* _Record excerpts_:
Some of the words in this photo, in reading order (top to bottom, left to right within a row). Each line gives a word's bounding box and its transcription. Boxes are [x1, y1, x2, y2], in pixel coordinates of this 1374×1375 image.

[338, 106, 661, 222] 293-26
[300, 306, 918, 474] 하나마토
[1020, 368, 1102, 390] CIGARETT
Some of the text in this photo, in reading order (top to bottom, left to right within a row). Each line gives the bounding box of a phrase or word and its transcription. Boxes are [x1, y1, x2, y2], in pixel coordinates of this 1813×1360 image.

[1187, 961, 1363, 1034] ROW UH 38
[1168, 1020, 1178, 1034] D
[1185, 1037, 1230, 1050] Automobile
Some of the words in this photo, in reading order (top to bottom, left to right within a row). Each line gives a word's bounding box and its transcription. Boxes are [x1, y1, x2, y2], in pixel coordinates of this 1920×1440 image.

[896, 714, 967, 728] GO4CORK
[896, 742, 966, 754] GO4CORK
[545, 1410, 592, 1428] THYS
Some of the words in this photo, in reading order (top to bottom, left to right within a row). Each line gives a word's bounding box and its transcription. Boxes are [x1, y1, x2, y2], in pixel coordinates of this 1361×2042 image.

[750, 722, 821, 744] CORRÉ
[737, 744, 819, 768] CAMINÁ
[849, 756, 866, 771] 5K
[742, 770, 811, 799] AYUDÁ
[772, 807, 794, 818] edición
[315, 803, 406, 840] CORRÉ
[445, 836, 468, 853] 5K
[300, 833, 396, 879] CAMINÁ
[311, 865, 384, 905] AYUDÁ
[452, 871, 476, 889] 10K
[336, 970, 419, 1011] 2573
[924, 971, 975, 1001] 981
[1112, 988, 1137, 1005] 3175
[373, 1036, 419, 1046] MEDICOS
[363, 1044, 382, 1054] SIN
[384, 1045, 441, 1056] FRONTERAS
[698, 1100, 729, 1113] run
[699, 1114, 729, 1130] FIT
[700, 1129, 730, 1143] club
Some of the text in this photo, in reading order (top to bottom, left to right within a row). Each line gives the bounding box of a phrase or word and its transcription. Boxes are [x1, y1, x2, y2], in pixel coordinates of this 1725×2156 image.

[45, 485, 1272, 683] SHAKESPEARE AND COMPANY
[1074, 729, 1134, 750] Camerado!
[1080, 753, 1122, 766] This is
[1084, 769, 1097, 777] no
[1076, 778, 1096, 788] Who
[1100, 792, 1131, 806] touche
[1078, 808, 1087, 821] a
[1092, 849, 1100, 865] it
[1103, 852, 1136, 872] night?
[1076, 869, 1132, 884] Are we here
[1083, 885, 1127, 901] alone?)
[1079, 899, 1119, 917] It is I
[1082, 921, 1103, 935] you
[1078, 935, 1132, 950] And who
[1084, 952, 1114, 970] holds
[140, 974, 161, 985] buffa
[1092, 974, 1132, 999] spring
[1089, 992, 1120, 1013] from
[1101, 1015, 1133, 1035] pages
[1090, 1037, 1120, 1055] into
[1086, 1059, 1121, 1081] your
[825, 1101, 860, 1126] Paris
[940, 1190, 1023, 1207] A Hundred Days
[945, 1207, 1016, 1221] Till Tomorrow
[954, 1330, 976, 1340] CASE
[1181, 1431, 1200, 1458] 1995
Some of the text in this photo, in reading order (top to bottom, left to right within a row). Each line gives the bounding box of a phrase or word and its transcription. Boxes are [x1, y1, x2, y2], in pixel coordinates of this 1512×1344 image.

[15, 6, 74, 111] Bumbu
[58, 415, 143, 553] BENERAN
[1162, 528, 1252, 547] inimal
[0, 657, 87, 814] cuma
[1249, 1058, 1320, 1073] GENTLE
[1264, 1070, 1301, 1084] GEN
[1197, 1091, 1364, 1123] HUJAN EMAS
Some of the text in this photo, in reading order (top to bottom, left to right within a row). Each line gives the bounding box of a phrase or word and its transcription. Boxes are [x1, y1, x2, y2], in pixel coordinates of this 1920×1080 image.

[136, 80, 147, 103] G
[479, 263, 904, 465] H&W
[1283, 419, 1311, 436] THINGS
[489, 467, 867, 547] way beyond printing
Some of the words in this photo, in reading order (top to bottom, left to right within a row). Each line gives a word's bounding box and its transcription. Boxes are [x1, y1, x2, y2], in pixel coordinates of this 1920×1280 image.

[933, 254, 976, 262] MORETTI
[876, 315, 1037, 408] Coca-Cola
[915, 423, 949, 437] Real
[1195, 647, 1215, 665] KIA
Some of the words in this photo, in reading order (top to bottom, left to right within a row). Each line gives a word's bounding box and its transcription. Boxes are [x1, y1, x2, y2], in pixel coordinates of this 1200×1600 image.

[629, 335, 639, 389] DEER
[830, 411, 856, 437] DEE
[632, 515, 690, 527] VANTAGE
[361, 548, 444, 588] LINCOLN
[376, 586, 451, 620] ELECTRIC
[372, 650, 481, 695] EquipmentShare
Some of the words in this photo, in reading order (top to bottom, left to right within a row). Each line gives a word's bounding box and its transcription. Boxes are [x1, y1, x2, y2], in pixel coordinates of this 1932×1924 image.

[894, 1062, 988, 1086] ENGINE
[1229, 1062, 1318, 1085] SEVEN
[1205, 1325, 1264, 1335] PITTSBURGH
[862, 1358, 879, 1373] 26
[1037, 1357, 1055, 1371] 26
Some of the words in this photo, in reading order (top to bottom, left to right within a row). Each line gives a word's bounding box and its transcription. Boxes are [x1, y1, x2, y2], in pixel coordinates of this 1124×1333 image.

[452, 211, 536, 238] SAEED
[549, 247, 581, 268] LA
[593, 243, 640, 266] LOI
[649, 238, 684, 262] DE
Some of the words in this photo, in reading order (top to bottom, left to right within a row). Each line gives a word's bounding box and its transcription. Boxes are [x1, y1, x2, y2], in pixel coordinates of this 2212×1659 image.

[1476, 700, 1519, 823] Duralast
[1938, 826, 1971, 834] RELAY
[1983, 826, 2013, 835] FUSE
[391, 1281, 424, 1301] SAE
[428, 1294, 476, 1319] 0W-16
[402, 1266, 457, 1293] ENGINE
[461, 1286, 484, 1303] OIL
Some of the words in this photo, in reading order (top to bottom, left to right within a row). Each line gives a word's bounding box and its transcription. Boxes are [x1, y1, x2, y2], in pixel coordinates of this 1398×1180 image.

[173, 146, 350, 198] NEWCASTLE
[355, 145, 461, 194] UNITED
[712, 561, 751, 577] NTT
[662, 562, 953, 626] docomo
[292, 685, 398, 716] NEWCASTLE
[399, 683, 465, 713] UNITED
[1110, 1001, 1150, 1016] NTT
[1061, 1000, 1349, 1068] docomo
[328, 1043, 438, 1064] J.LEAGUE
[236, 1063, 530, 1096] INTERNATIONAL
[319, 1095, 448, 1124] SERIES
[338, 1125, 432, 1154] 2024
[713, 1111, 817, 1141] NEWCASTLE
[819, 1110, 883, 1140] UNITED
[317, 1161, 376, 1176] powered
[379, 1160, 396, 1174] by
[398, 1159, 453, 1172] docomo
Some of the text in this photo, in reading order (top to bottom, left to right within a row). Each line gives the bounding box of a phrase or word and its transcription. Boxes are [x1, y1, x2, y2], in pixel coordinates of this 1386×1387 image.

* _Exercise brief_: Once the listing above has been read, restate it exactly.

* _The completed task_:
Some of the words in this photo, in reading order (top to bottom, left to right within a row). Each line gives a word's bounding box and its transcription. Boxes are [x1, y1, x2, y2], in pixel coordinates of this 1374×1375 image.

[338, 106, 661, 222] 293-26
[300, 306, 918, 474] 하나마토
[1020, 368, 1102, 390] CIGARETT
Some of the text in this photo, in reading order (top to bottom, left to right within a row). Each line gives the bounding box of a phrase or word and its transcription. Boxes are [x1, y1, x2, y2], in pixel coordinates of this 1813×1360 image.

[1187, 961, 1363, 1034] ROW UH 38
[1168, 1020, 1178, 1034] D
[1185, 1037, 1230, 1050] Automobile
Some of the words in this photo, in reading order (top to bottom, left to right within a row). Each line gives a word's bounding box and its transcription. Boxes are [x1, y1, x2, y2], in pixel coordinates of this 1920×1440 image.

[896, 714, 967, 728] GO4CORK
[896, 742, 966, 754] GO4CORK
[545, 1410, 592, 1428] THYS
Some of the words in this photo, in reading order (top to bottom, left to right within a row). Each line gives a word's bounding box and its transcription. Boxes are [x1, y1, x2, y2], in pixel coordinates of this 1361×2042 image.

[750, 722, 821, 744] CORRÉ
[737, 744, 819, 768] CAMINÁ
[849, 756, 866, 771] 5K
[742, 770, 811, 799] AYUDÁ
[772, 807, 794, 818] edición
[315, 803, 406, 840] CORRÉ
[445, 836, 468, 853] 5K
[300, 833, 396, 879] CAMINÁ
[311, 865, 384, 905] AYUDÁ
[452, 871, 476, 889] 10K
[336, 970, 419, 1011] 2573
[924, 971, 975, 1001] 981
[1112, 988, 1137, 1005] 3175
[373, 1036, 419, 1046] MEDICOS
[363, 1044, 382, 1054] SIN
[384, 1045, 441, 1056] FRONTERAS
[698, 1100, 729, 1113] run
[699, 1114, 729, 1130] FIT
[700, 1129, 730, 1143] club
Some of the text in this photo, in reading order (top to bottom, left to right within a row). Each line gives the bounding box of a phrase or word and its transcription. Boxes are [x1, y1, x2, y2], in pixel coordinates of this 1725×2156 image.

[45, 485, 1272, 683] SHAKESPEARE AND COMPANY
[1074, 729, 1134, 750] Camerado!
[1080, 753, 1122, 766] This is
[1084, 769, 1097, 777] no
[1076, 778, 1096, 788] Who
[1100, 792, 1131, 806] touche
[1078, 808, 1087, 821] a
[1092, 849, 1100, 865] it
[1103, 852, 1136, 872] night?
[1076, 869, 1132, 884] Are we here
[1083, 885, 1127, 901] alone?)
[1079, 899, 1119, 917] It is I
[1082, 921, 1103, 935] you
[1078, 935, 1132, 950] And who
[1084, 952, 1114, 970] holds
[140, 974, 161, 985] buffa
[1092, 974, 1132, 999] spring
[1089, 992, 1120, 1013] from
[1101, 1015, 1133, 1035] pages
[1090, 1037, 1120, 1055] into
[1086, 1059, 1121, 1081] your
[825, 1101, 860, 1126] Paris
[940, 1190, 1023, 1207] A Hundred Days
[945, 1207, 1016, 1221] Till Tomorrow
[954, 1330, 976, 1340] CASE
[1181, 1431, 1200, 1458] 1995
Some of the text in this photo, in reading order (top to bottom, left to right within a row). Each line gives the bounding box of a phrase or word and its transcription. Boxes are [x1, y1, x2, y2], in pixel coordinates of this 1512×1344 image.

[15, 6, 74, 111] Bumbu
[58, 415, 143, 553] BENERAN
[1162, 528, 1252, 547] inimal
[0, 657, 87, 814] cuma
[1249, 1058, 1320, 1073] GENTLE
[1264, 1070, 1301, 1084] GEN
[1197, 1091, 1364, 1123] HUJAN EMAS
Some of the text in this photo, in reading order (top to bottom, left to right within a row). Each line gives the bounding box of a phrase or word and its transcription. Boxes are [x1, y1, x2, y2], in pixel coordinates of this 1920×1080 image.

[136, 80, 147, 103] G
[479, 263, 904, 465] H&W
[1283, 419, 1311, 436] THINGS
[489, 467, 867, 547] way beyond printing
Some of the words in this photo, in reading order (top to bottom, left to right within a row). Each line gives a word's bounding box and its transcription. Boxes are [x1, y1, x2, y2], in pixel coordinates of this 1920×1280 image.

[933, 254, 976, 262] MORETTI
[876, 315, 1037, 408] Coca-Cola
[915, 423, 949, 437] Real
[1195, 647, 1215, 665] KIA
Some of the words in this photo, in reading order (top to bottom, left to right within a row). Each line gives a word's bounding box and its transcription. Boxes are [x1, y1, x2, y2], in pixel coordinates of this 1200×1600 image.

[629, 335, 639, 389] DEER
[830, 411, 856, 437] DEE
[632, 515, 690, 527] VANTAGE
[361, 548, 444, 588] LINCOLN
[376, 586, 451, 620] ELECTRIC
[372, 650, 481, 695] EquipmentShare
Some of the words in this photo, in reading order (top to bottom, left to right within a row). Each line gives a word's bounding box and its transcription. Boxes are [x1, y1, x2, y2], in pixel coordinates of this 1932×1924 image.

[894, 1062, 988, 1086] ENGINE
[1229, 1062, 1318, 1085] SEVEN
[1205, 1325, 1264, 1335] PITTSBURGH
[862, 1358, 879, 1373] 26
[1037, 1357, 1055, 1371] 26
Some of the words in this photo, in reading order (top to bottom, left to right within a row). Each line gives a word's bounding box and its transcription. Boxes are [x1, y1, x2, y2], in pixel coordinates of this 1124×1333 image.

[452, 211, 536, 238] SAEED
[549, 247, 581, 268] LA
[593, 243, 640, 266] LOI
[649, 238, 684, 262] DE
Some of the words in this photo, in reading order (top to bottom, left to right within a row). Each line gives a word's bounding box and its transcription. Boxes are [x1, y1, x2, y2], in pixel coordinates of this 2212×1659 image.

[1476, 700, 1519, 823] Duralast
[1938, 826, 1971, 834] RELAY
[1983, 826, 2013, 835] FUSE
[391, 1281, 424, 1301] SAE
[428, 1294, 476, 1319] 0W-16
[402, 1266, 457, 1293] ENGINE
[461, 1286, 484, 1303] OIL
Some of the words in this photo, in reading order (top to bottom, left to right within a row). Each line gives a word's bounding box and its transcription. Boxes are [x1, y1, x2, y2], in pixel coordinates of this 1398×1180 image.

[173, 146, 350, 198] NEWCASTLE
[355, 145, 461, 194] UNITED
[712, 561, 751, 577] NTT
[662, 562, 953, 626] docomo
[292, 685, 398, 716] NEWCASTLE
[399, 683, 465, 713] UNITED
[1110, 1001, 1150, 1016] NTT
[1061, 1000, 1349, 1068] docomo
[328, 1043, 438, 1064] J.LEAGUE
[236, 1063, 530, 1096] INTERNATIONAL
[319, 1095, 448, 1124] SERIES
[338, 1125, 432, 1154] 2024
[713, 1111, 817, 1141] NEWCASTLE
[819, 1110, 883, 1140] UNITED
[317, 1161, 376, 1176] powered
[379, 1160, 396, 1174] by
[398, 1159, 453, 1172] docomo
Some of the text in this photo, in reading order (top to bottom, left to right within a row). Each line gives the bounding box of a phrase or word and its transcription. Boxes are [x1, y1, x2, y2], in pixel coordinates of this 1386×1387 image.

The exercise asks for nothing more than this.